“Digital adoption curves aren’t slowing down”
The pandemic propelled us all online as companies rapidly went digital in response to global shutdowns and ‘stay at home’ orders.
Although pre-Covid, the digital paradigm shift was already underway, we saw the pandemic serve as an accelerant across industries bringing about years of structural change within a few months.
As the chart below highlights, on average the pandemic accelerated long-term digital adoption trends by seven years in a matter of months:
Source: McKinsey 2021
As we emerge from the pandemic to a ‘new normal’, the role of the digital experience in our lives is front and centre, and this trend is showing no sign of slowing down in fact it’s continuing to build momentum.
As Satya Nadella, CEO of Microsoft, highlighted a year on from the start of the pandemic, “digital adoption curves aren't slowing down. They're accelerating, and it's just the beginning."

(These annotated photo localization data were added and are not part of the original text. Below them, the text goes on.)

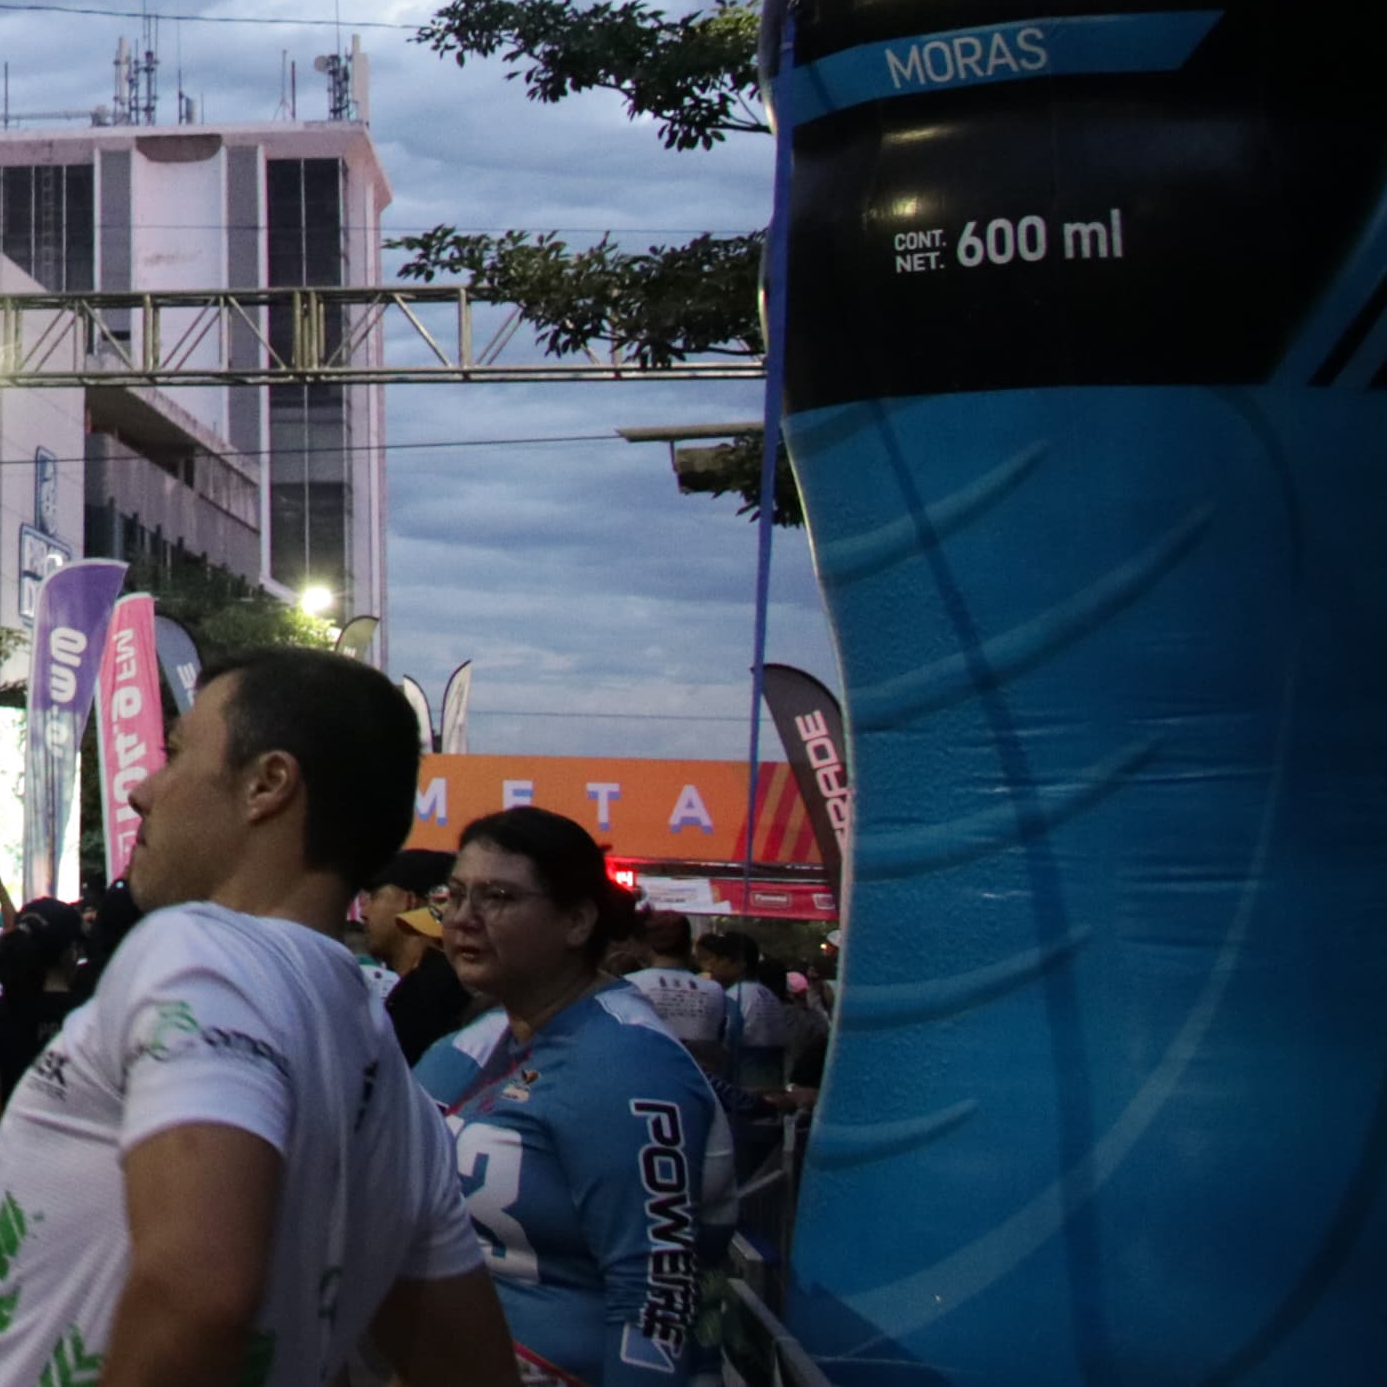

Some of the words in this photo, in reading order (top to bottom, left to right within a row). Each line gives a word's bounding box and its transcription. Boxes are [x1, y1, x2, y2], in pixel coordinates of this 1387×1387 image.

[885, 27, 1049, 90] MORAS
[894, 229, 947, 251] CONT.
[956, 215, 1047, 267] 600
[1063, 208, 1123, 259] ml
[896, 251, 945, 273] NET.
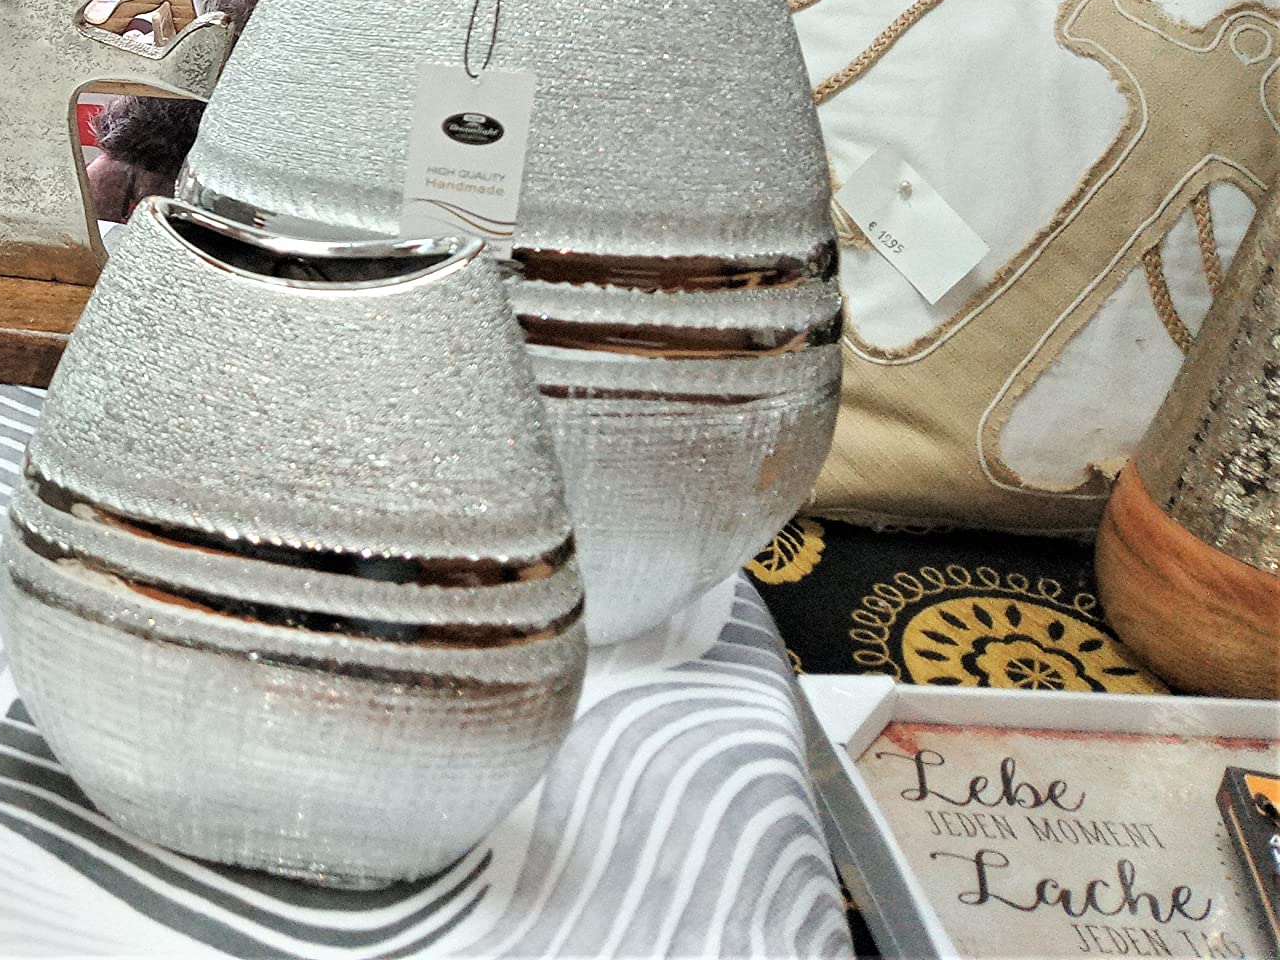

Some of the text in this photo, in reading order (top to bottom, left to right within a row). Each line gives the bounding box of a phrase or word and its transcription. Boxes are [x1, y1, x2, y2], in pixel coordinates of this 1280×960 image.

[425, 178, 505, 196] Handmade
[426, 166, 505, 181] HIGH QUALITY
[875, 749, 1086, 812] Lebe
[924, 809, 1166, 850] JEDEN MOMENT
[929, 848, 1213, 924] Lache
[1070, 923, 1173, 957] JEDEN
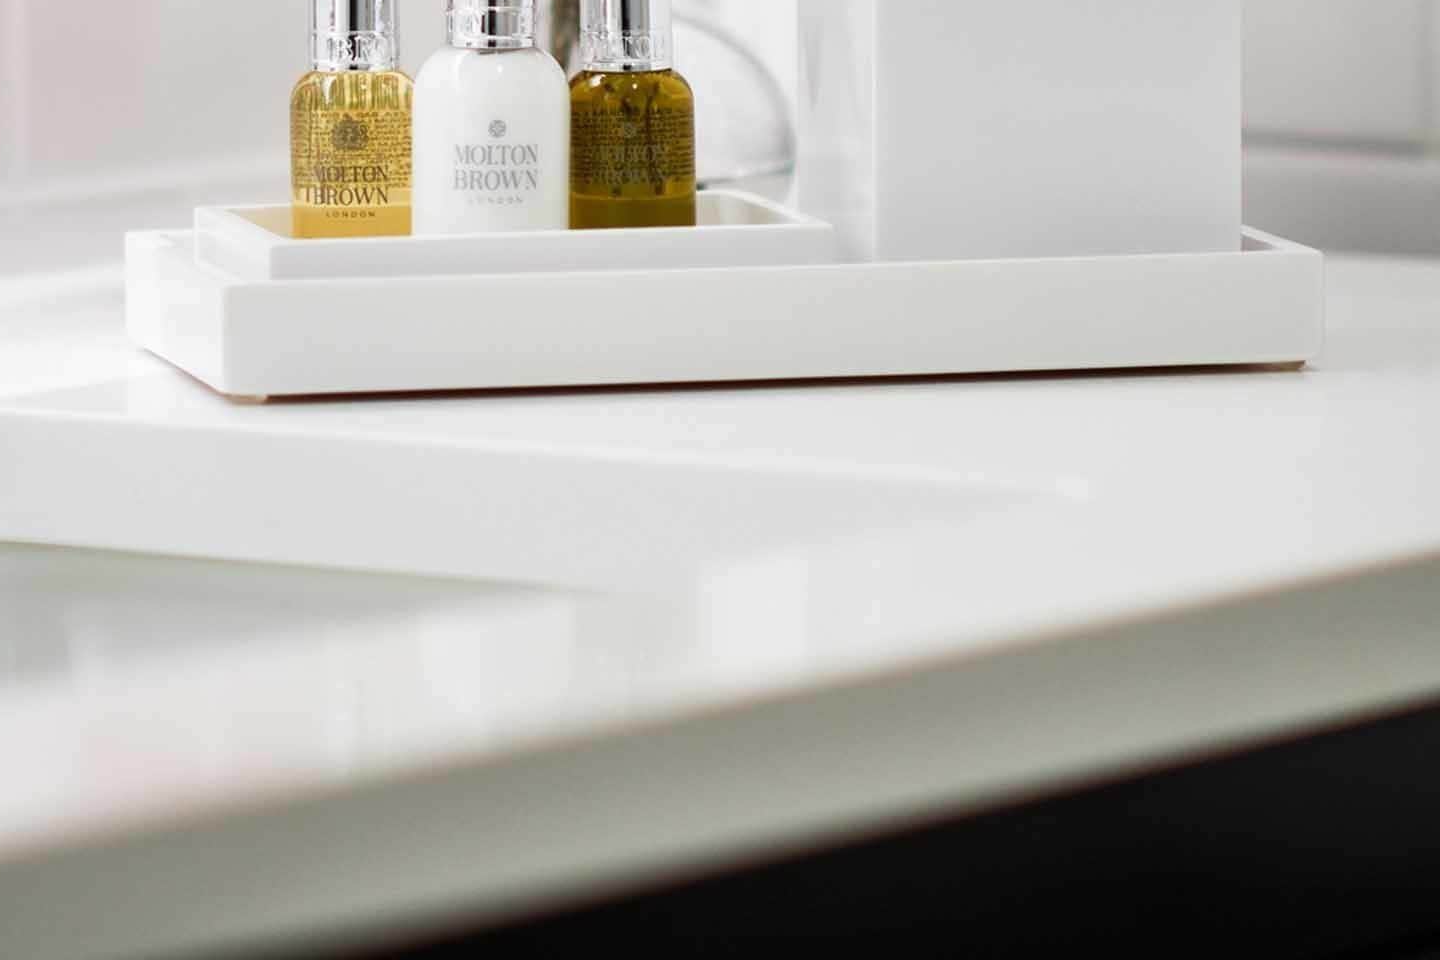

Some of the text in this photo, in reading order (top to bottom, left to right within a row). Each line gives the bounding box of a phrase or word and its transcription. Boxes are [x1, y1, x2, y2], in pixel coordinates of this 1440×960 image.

[453, 144, 538, 165] MOLTON
[313, 166, 389, 183] MOLTON
[453, 169, 538, 191] BROWN
[326, 210, 376, 219] LONDON
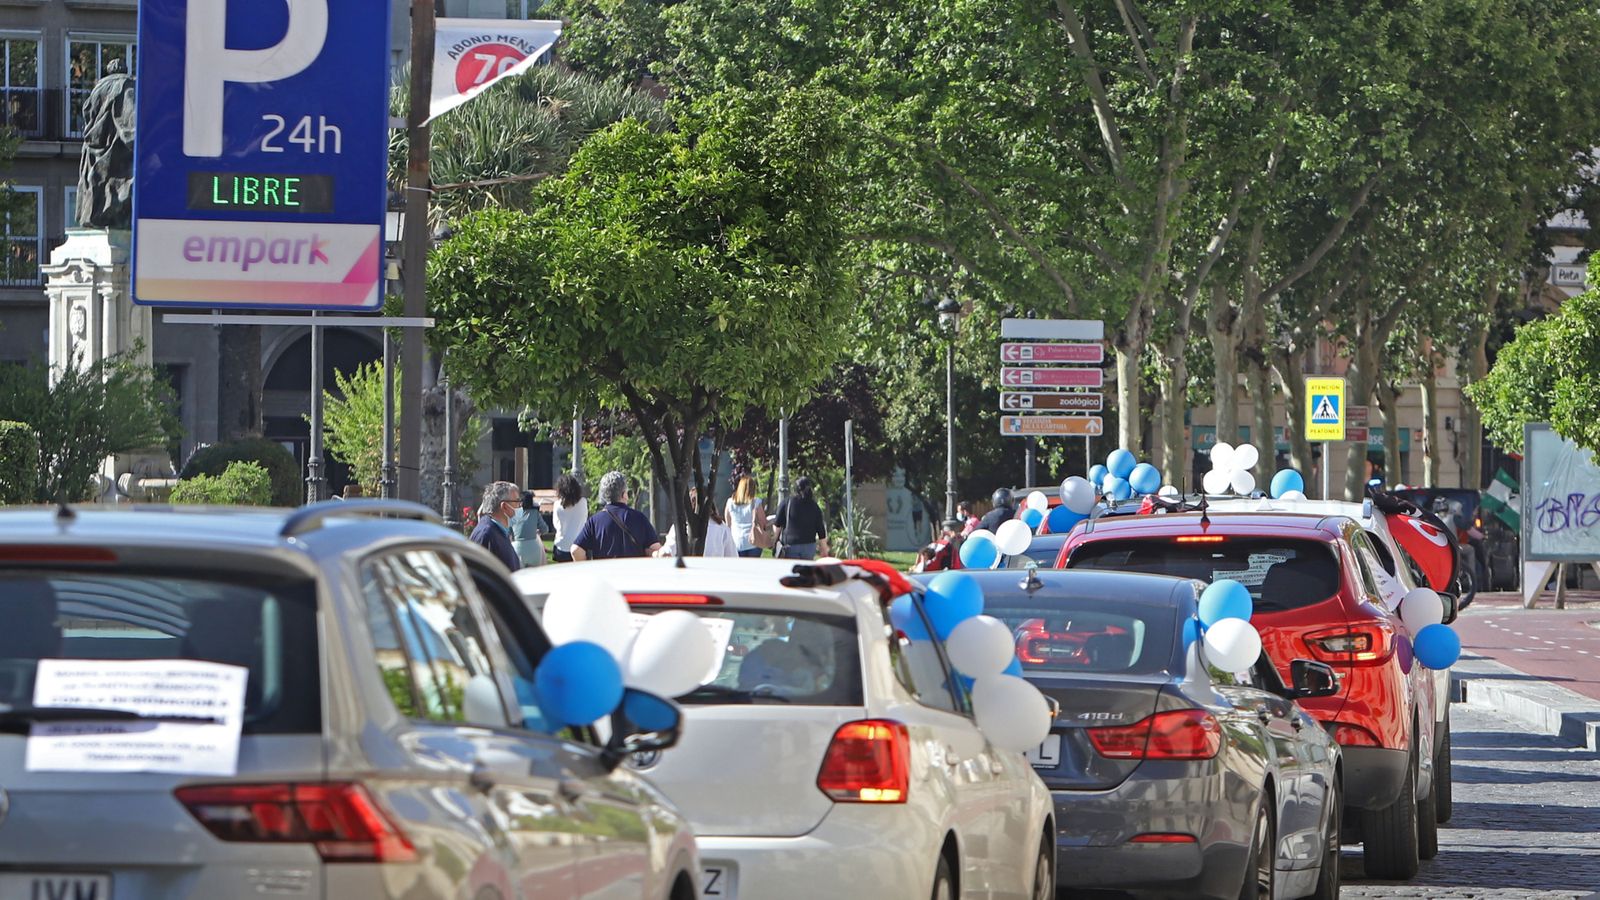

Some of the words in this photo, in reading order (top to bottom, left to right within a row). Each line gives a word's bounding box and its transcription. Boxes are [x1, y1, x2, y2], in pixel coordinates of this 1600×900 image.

[447, 34, 492, 60] ABONO
[183, 0, 329, 157] P
[260, 114, 342, 154] 24h
[212, 176, 301, 206] LIBRE
[182, 233, 330, 272] empark
[1059, 397, 1100, 407] zoológico

With the evolution of digital presence disrupting already disrupting industries, notably ecommerce, telemedicine, streaming video and remote learning.
It's hard to imagine how this rapid shift to digitalisation could have taken place without the infrastructure of the Cloud, especially if it hadn’t been secure.
The transparency, reliability, compliance, scalability of cloud computing allowed companies of all sizes to rapidly implement digital solutions providing much needed business continuity.
“People didn’t want the power station: they wanted the light.”
The power of technology, as a revolutionary force, occurs when there is a fundamental breakthrough not in the technology itself but the possibility and disruption the technology unlocks.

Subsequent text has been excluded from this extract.